During the last attempt, at 8:30 p.m. on Oct. 25, he was informed by the building’s front desk that Rendón had called down to say he would “shoot through the door” if he ever attempted to knock again, according to a sworn affidavit filed ahead of Monday's hearing.

“My process server at that time decided to do a strategic withdrawal,” attorney Gustavo Garcia-Montes said during Monday's brief, one-minute hearing, which ended with Judge Carlos Lopez granting Goudreau's request that Rendón be formally notified through alternative means available to the court, such as certified mail or an advertisement in a newspaper.

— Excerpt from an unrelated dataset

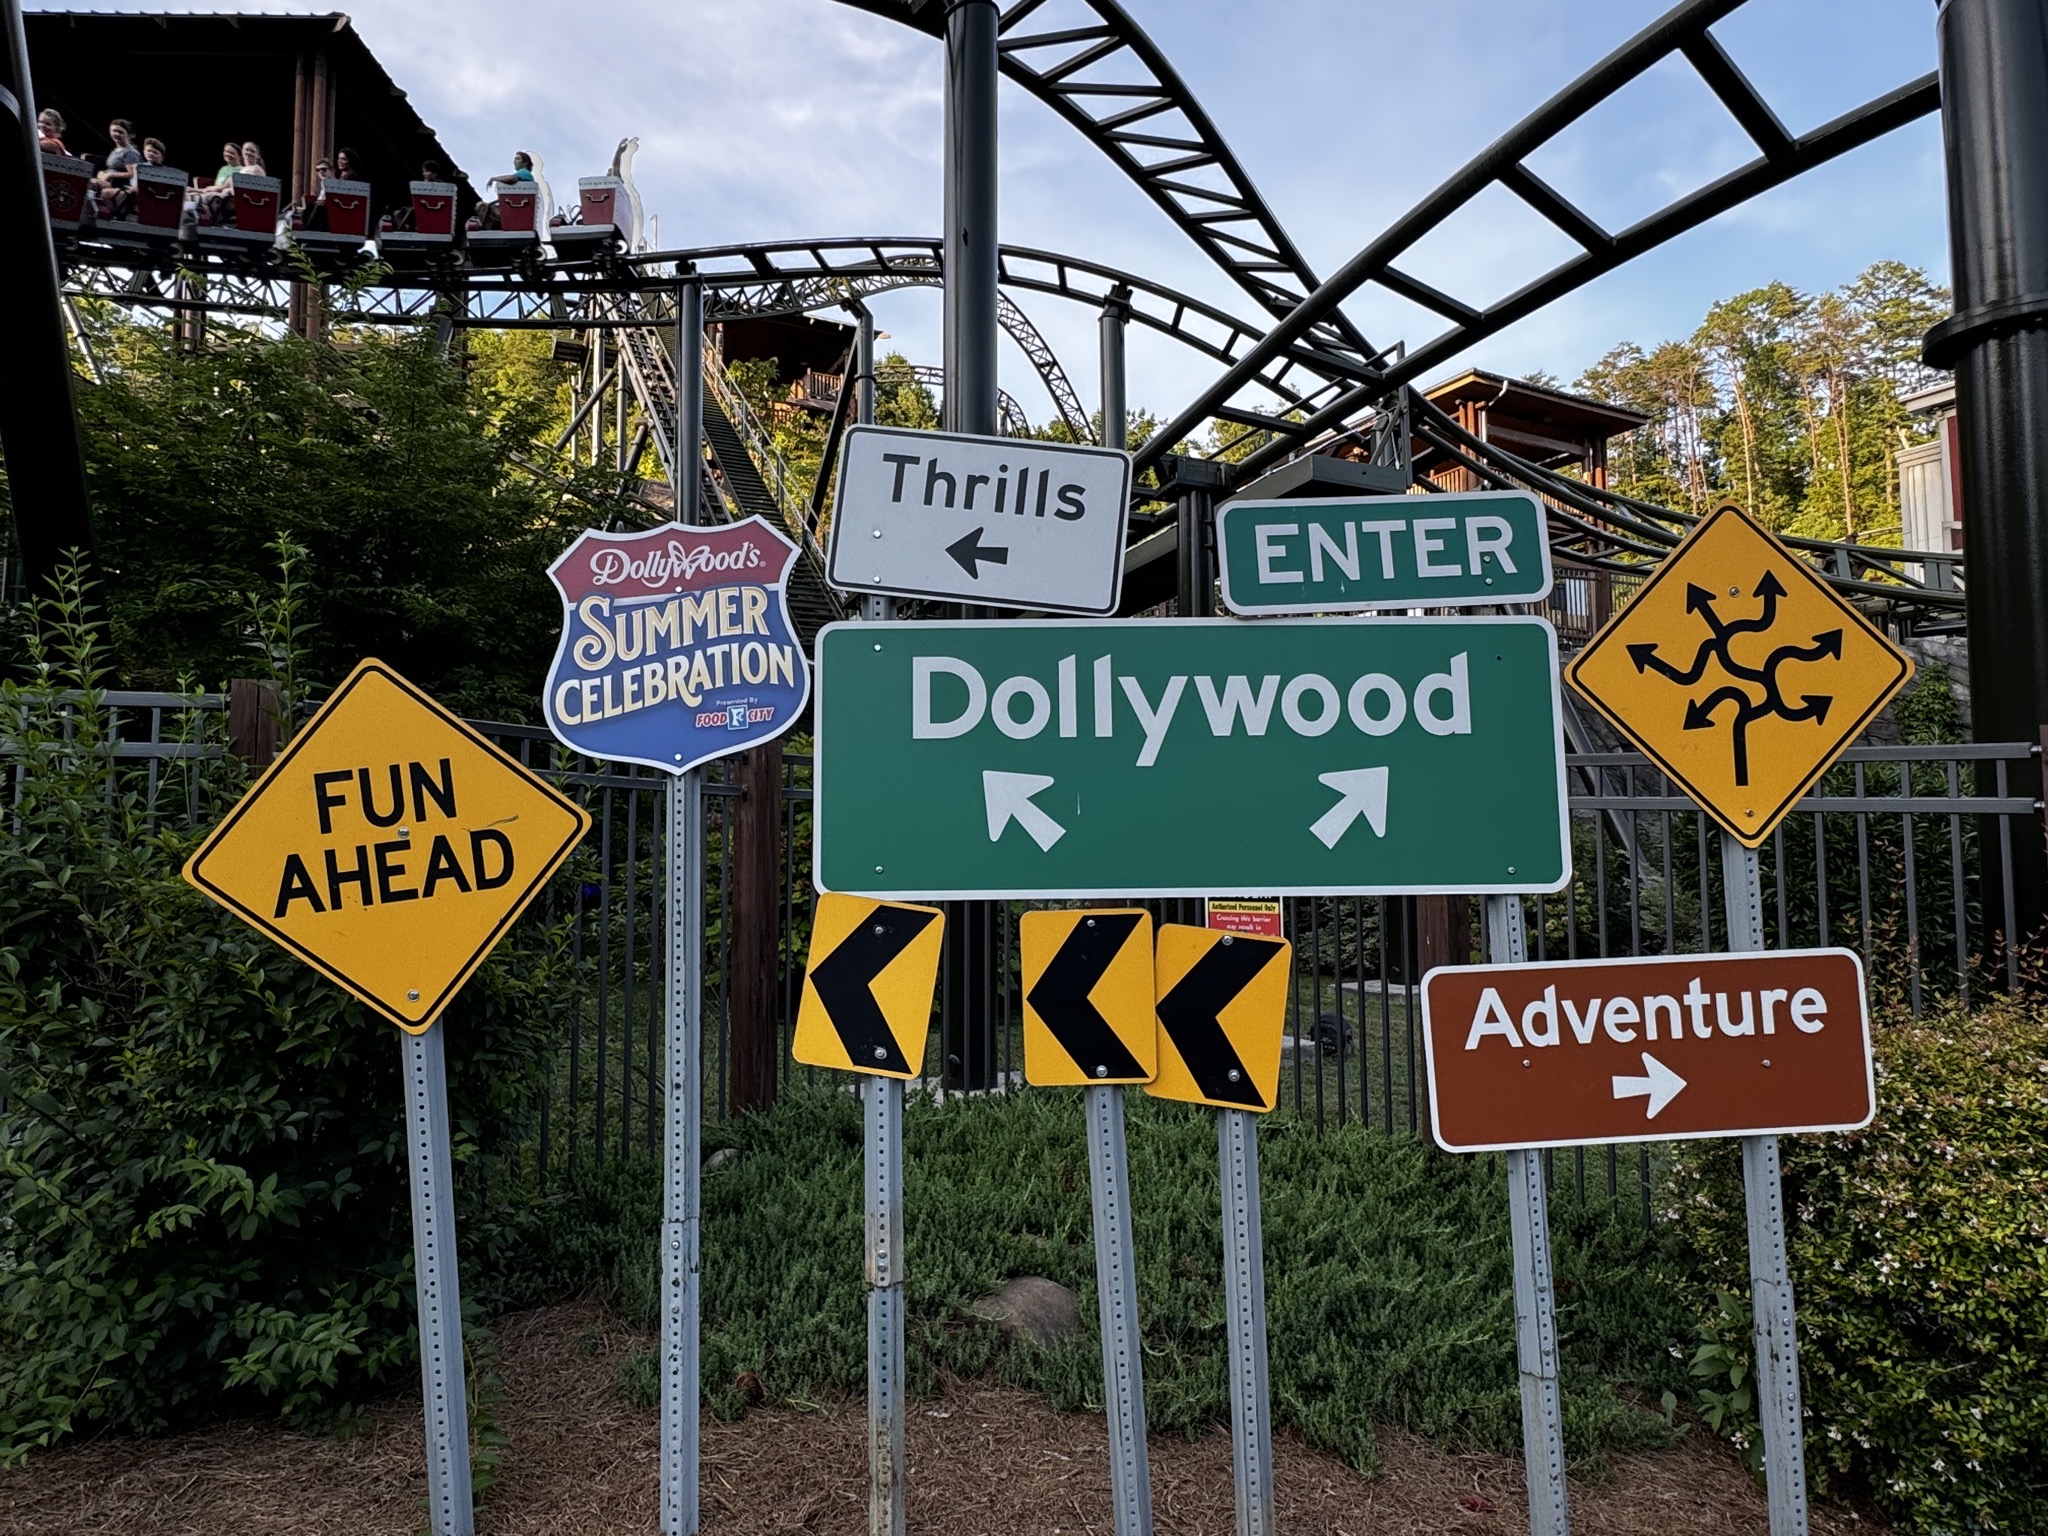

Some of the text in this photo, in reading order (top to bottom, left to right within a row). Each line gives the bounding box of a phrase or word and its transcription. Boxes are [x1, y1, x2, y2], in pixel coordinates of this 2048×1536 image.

Rendón has questioned Goudreau's motives for bringing a lawsuit he considers frivolous. He's asserted that the agreement they signed, for which he reimbursed Goudreau $50,000 to cover expenses, was exploratory in nature and in any case nullified months before he launched the ill-fated raid on his own.

In his lawsuit, Goudreau claims that that what was known as the “Alcala plan” — for one of its ringleaders, former Venezuelan Army Gen. Clíver Alcalá — had been approved by the U.S. government.

To back his claim, Goudreau cited three meetings he had with a former aide to Pence named Drew Horn, who went on to serve as a senior adviser to the Director of National Intelligence. During those meetings, Goudreau said he was assured by Horn that licenses from the U.S. government regarding the procurement of weapons for the coup effort were forthcoming, although there's no evidence anything came of those discussions.

U.S. officials have repeatedly denied any involvement in the failed plot.

Still, the U.S. has long encouraged efforts to unseat Maduro, including by offering a $15 million reward for his arrest on U.S. drug charges and support for a failed barracks uprising that preceded Operation Gideon.